Milho registra forte avanço no pregão noturno da CBOT

Às 08 h 50 (horário de Brasília) desta quinta-feira (16), o milho na Bolsa de Chicago subia 3,00 pontos e 0,92%, a US$ cents 329.25/bushel no contrato de setembro e ganhava 3,00 pontos e 0,90% no dezembro, a US$ cents 337.00/bushel.

No fechamento de quarta-feira (15), o cereal registrou ganhos de 0,25 ponto e 0,08% no contrato de setembro, a US$ cents 326.25bushel. O dezembro subiu 0,25 ponto e 0,07%, a US$ cents 334.00/bushel.

O cereal se mantém em campo positivo nesta sessão, após fortes baixas registradas em parte desta semana, em movimentação técnica de ajuste nas posições e repercutindo as amplas compras chinesas no mercado norte-americano.

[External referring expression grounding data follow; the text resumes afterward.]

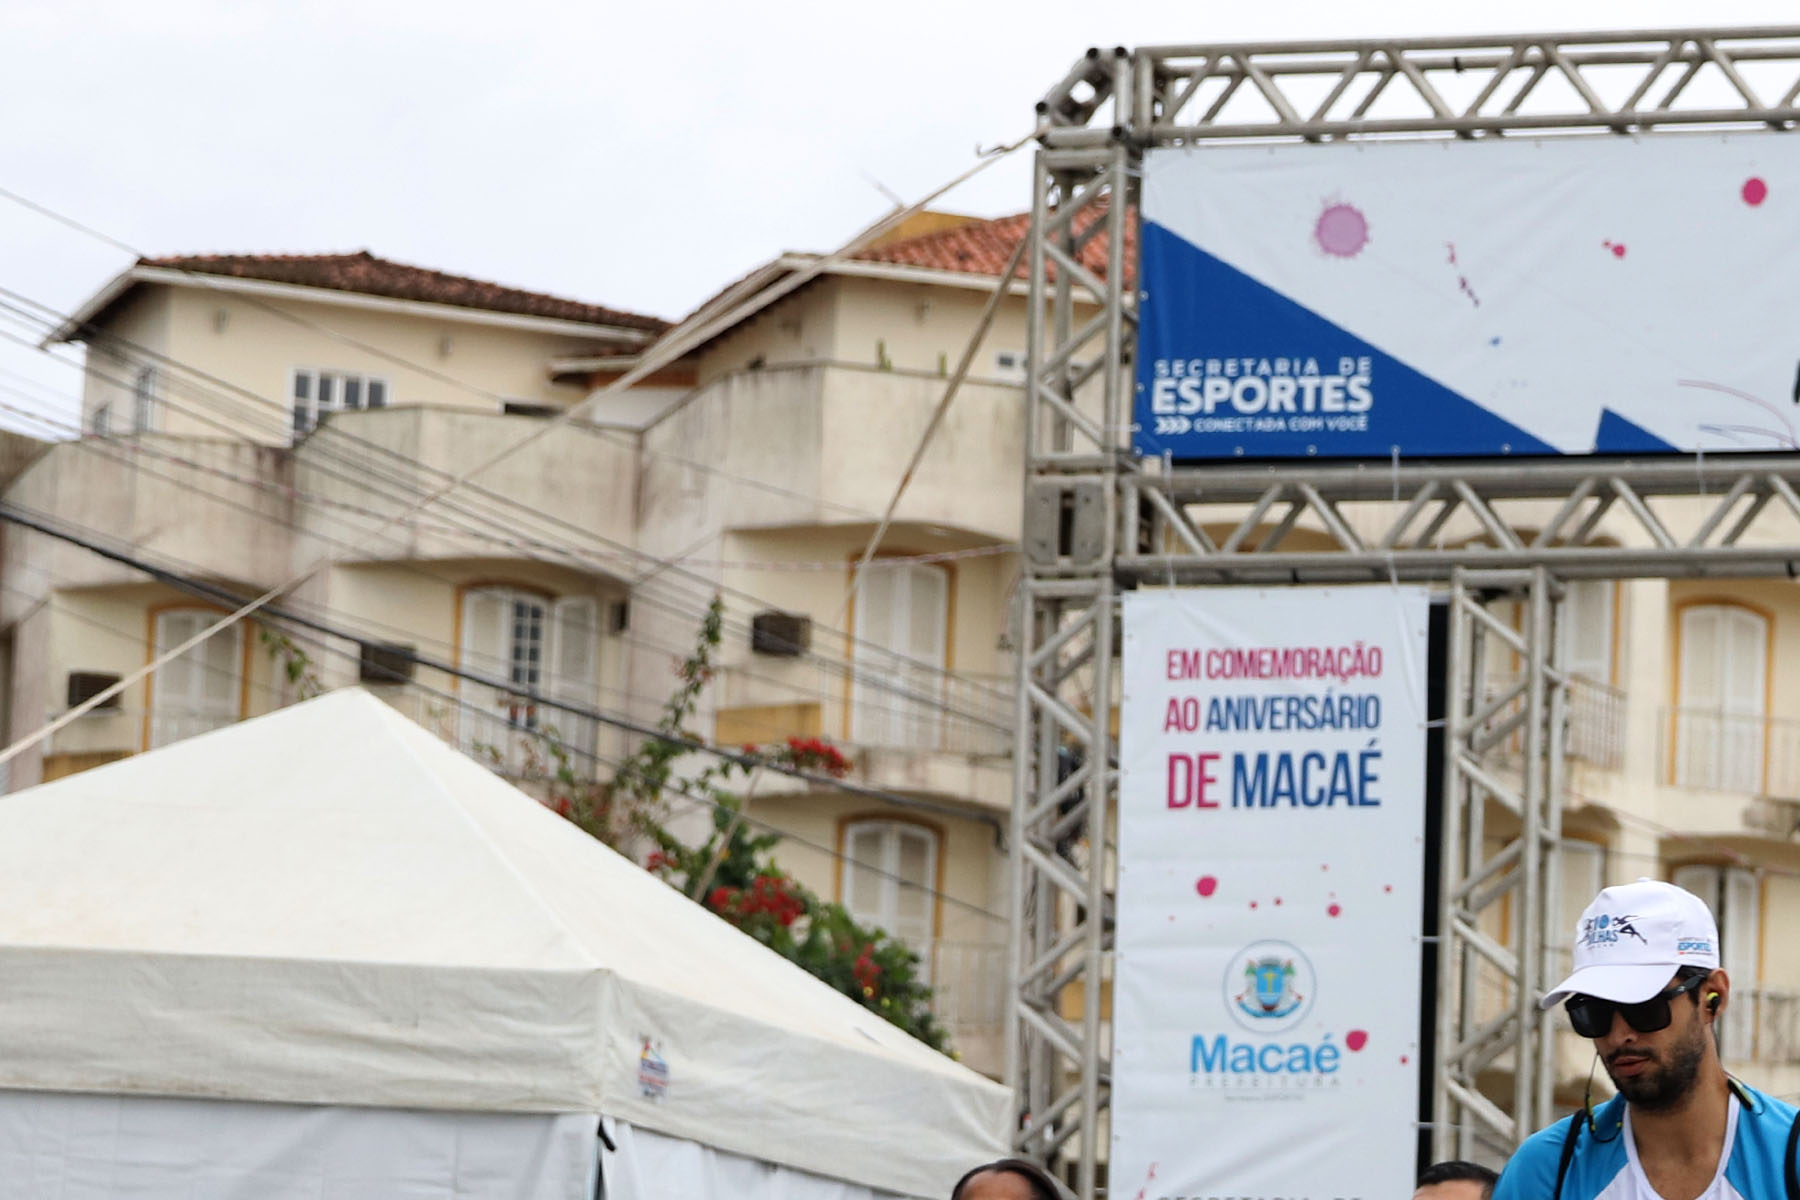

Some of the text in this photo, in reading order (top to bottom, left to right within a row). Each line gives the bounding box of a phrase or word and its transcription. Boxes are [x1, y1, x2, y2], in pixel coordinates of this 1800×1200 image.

[1154, 356, 1372, 378] SECRETARIA DE
[1152, 376, 1373, 415] ESPORTES
[1194, 412, 1369, 433] CONECTADA COM VOCÊ
[1167, 641, 1383, 683] EM COMEMORAÇÃO
[1164, 687, 1381, 733] AO ANIVERSÁRIO
[1167, 739, 1382, 809] DE MACAÉ
[1191, 1034, 1340, 1074] Macaé
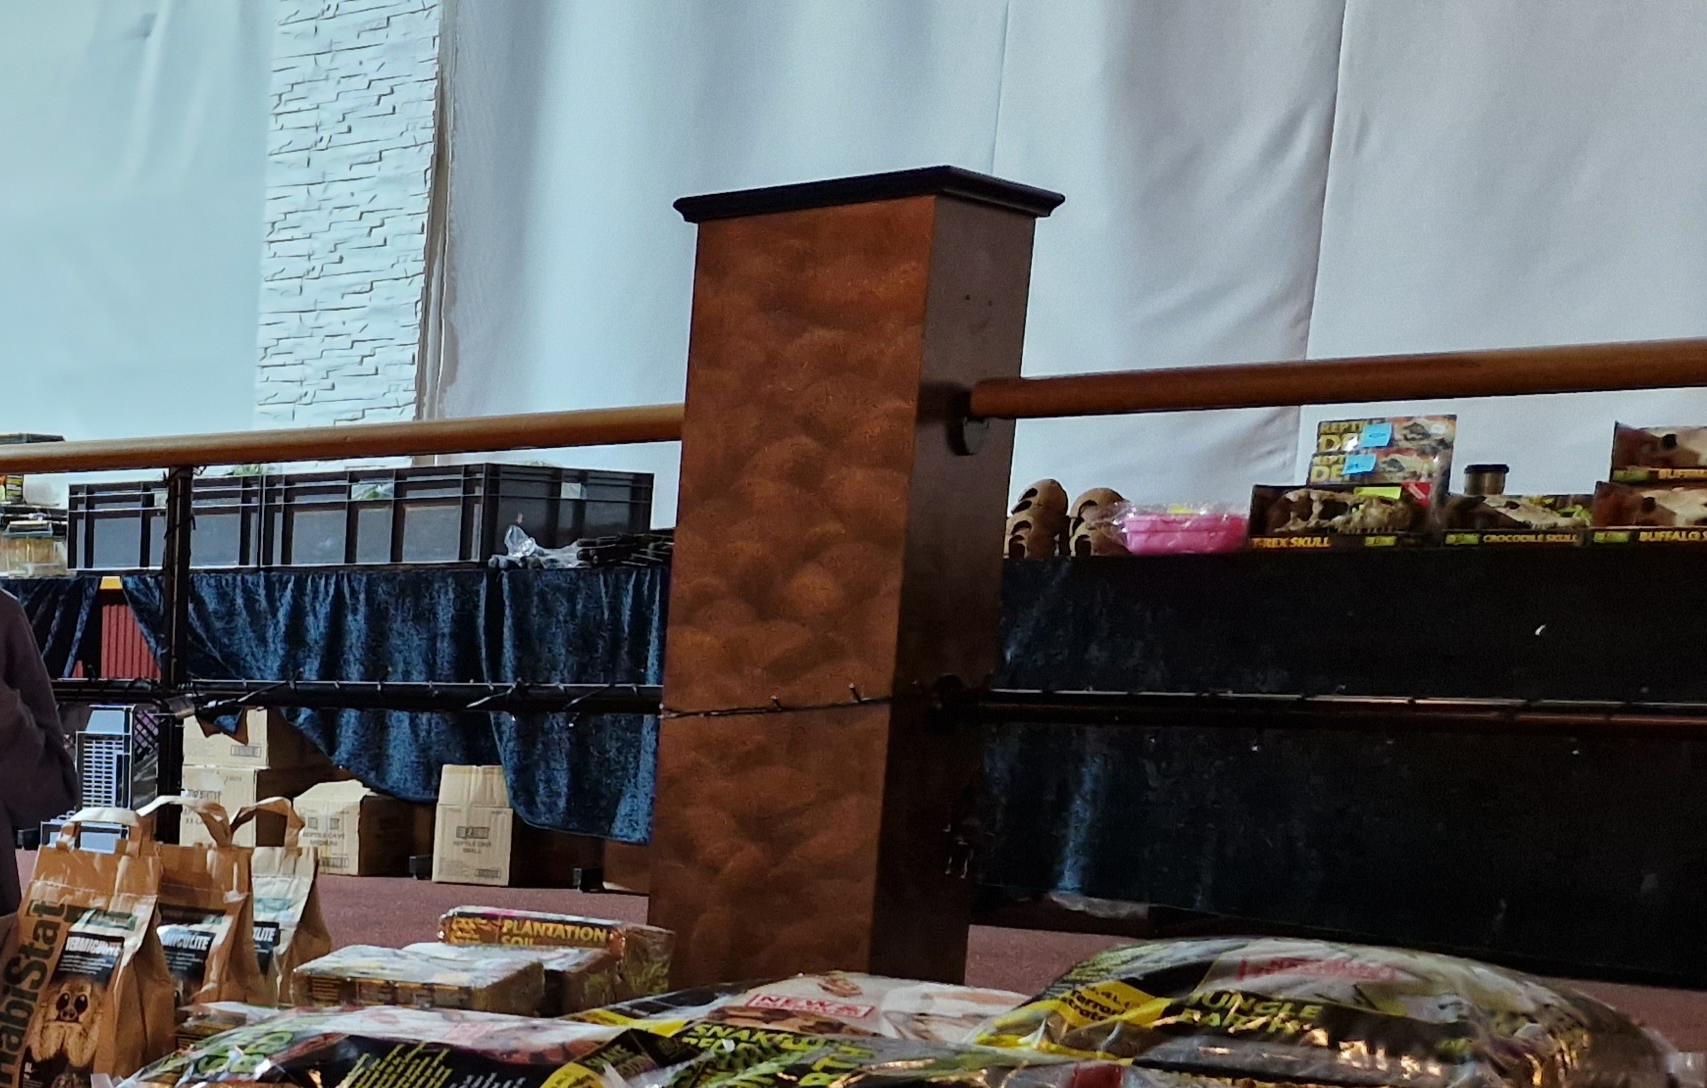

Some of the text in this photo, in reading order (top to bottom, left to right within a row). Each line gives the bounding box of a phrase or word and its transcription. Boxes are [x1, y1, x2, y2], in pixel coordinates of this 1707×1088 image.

De acordo com o Departamento de Agricultura dos Estados Unidos (USDA, sigla em inglês), ontem (15) foram registradas 132 mil toneladas de milho compradas pela China referente à safra 2020/21. Na terça (14), houve registro recorde de 1,76 milhões de toneladas da mesma temporada.

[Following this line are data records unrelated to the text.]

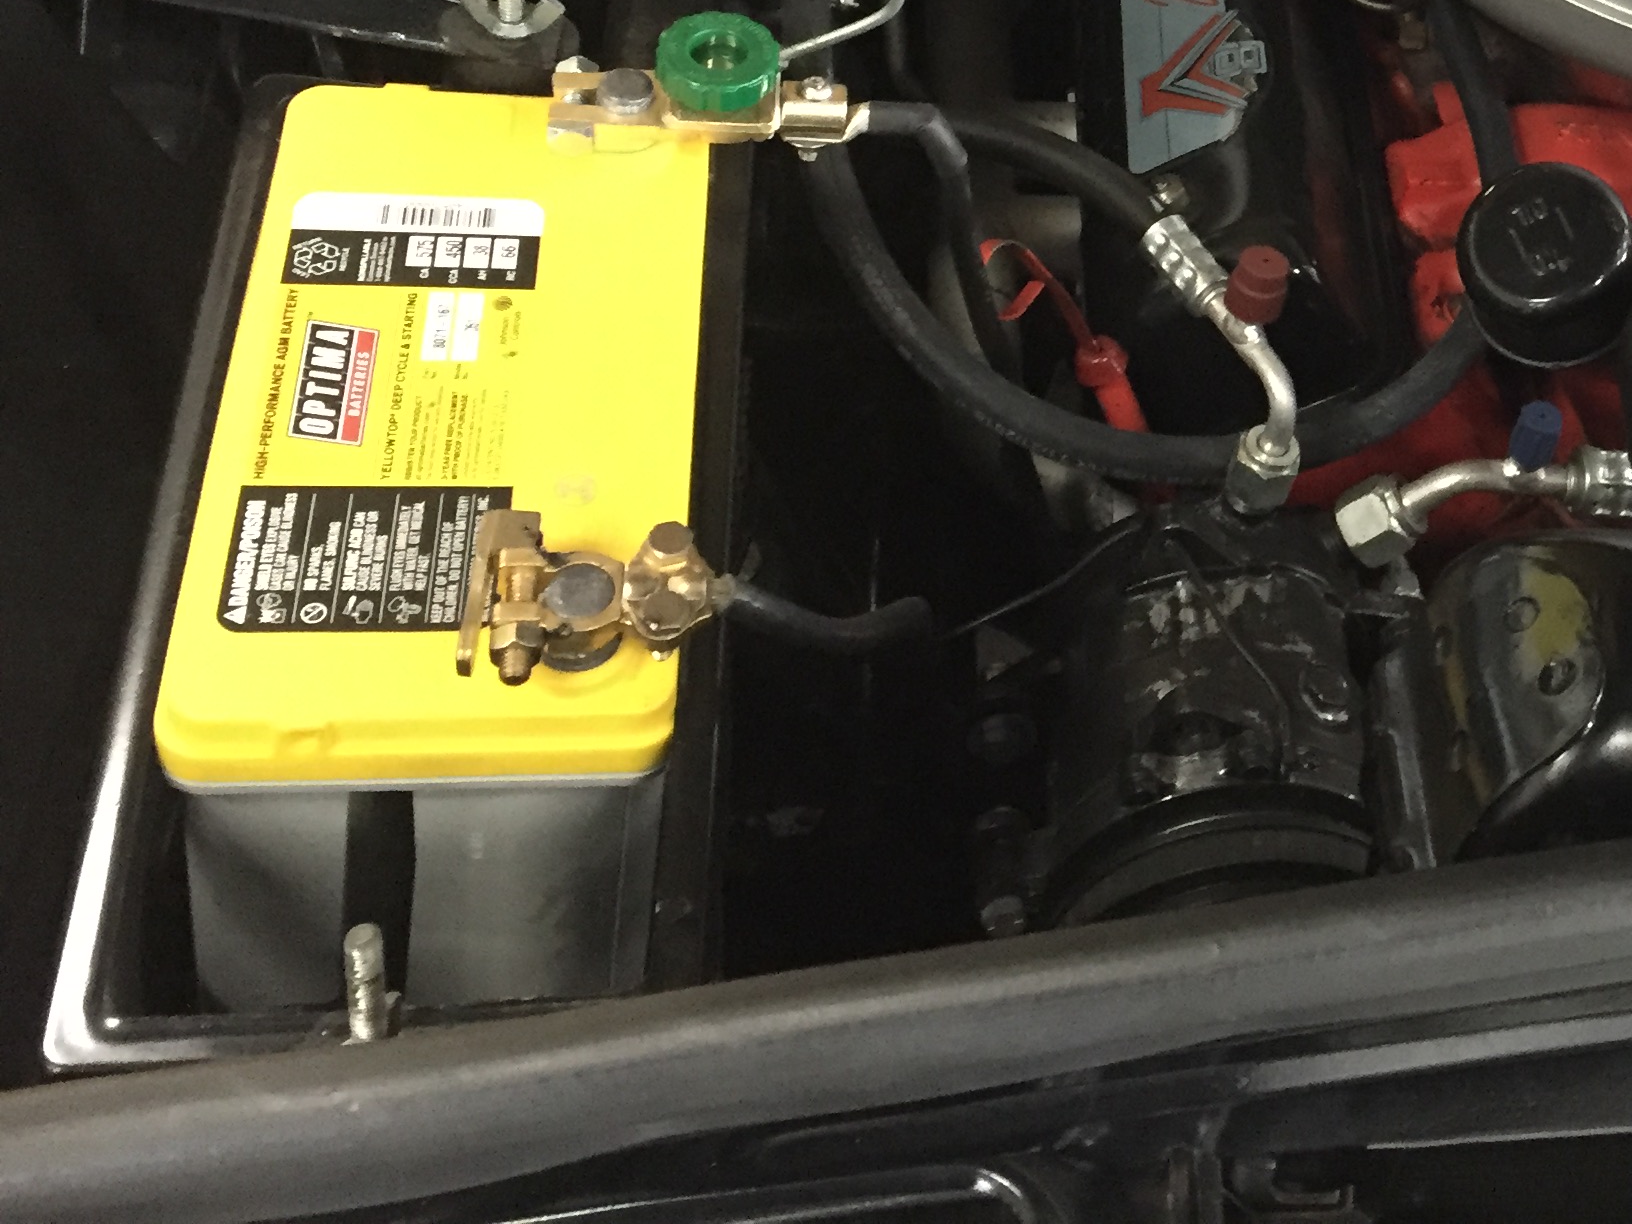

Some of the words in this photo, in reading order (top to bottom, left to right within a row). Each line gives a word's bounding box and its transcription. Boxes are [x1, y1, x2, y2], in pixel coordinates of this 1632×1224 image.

[416, 240, 434, 258] 575
[445, 240, 463, 258] 450
[473, 245, 490, 256] 38
[501, 245, 517, 258] 66
[419, 268, 430, 279] CA
[448, 269, 459, 284] CCA
[280, 288, 299, 335] BATTERY
[401, 292, 418, 341] STARTING
[275, 337, 291, 361] AGM
[395, 351, 410, 383] CYCLE
[298, 330, 351, 436] OPTIMA
[347, 351, 371, 417] BATTERIES
[390, 384, 404, 411] DEEP
[253, 363, 286, 480] HIGH-PERFORMANCE
[280, 492, 298, 529] BLINDNESS
[352, 511, 367, 528] CAN
[366, 511, 379, 523] OR
[276, 530, 292, 552] CAUSE
[324, 521, 342, 557] SMOKING
[348, 528, 364, 549] ACID
[360, 523, 378, 565] BLINDNESS
[408, 531, 421, 545] GET
[438, 532, 453, 558] REACH
[452, 531, 466, 552] OPEN
[228, 500, 266, 607] DANGER/POISON
[258, 543, 277, 563] EYES
[273, 553, 288, 567] CAN
[392, 550, 406, 568] EYES
[449, 553, 464, 569] NOT
[341, 549, 361, 591] SULFURIC
[436, 558, 450, 574] THE
[254, 564, 273, 591] SHIELD
[303, 578, 318, 591] NO
[355, 566, 371, 591] CAUSE
[414, 573, 428, 591] HELP
[432, 587, 446, 603] OUT
[430, 604, 443, 624] KEEP

Os resultados positivos nos testes de farmacêuticas que estão desenvolvendo a vacina contra o novo coronavírus também reacende as esperanças dos investidores em uma retomada econômica mais rápida, apesar do crescimento de casos nos EUA em pelo menos 35 estados dos 50 que compõe o país.

Por outro lado, p mercado do milho também acompanha as cotações do petróleo que recua nesta sessão. Na véspera, foi anunciado que os estoques norte-americanos tiveram recuo de 7,493 milhões de barris na semana encerrada no dia 10 de julho, segundo as informações do Departamento de Energia (DoE, sigla em inglês).

Isso representa que apesar das preocupações em meio ao novo alastramento do vírus nos EUA, a retomada das atividades econômicas não tem afetado a demanda por energia do país. O mercado do milho acompanha as oscilações do petróleo por conta da competitividade do etanol sobre combustíveis fósseis.

O mercado agora espera o novo relatório de registros semanais de exportação que será divulgado pelo USDA ainda hoje.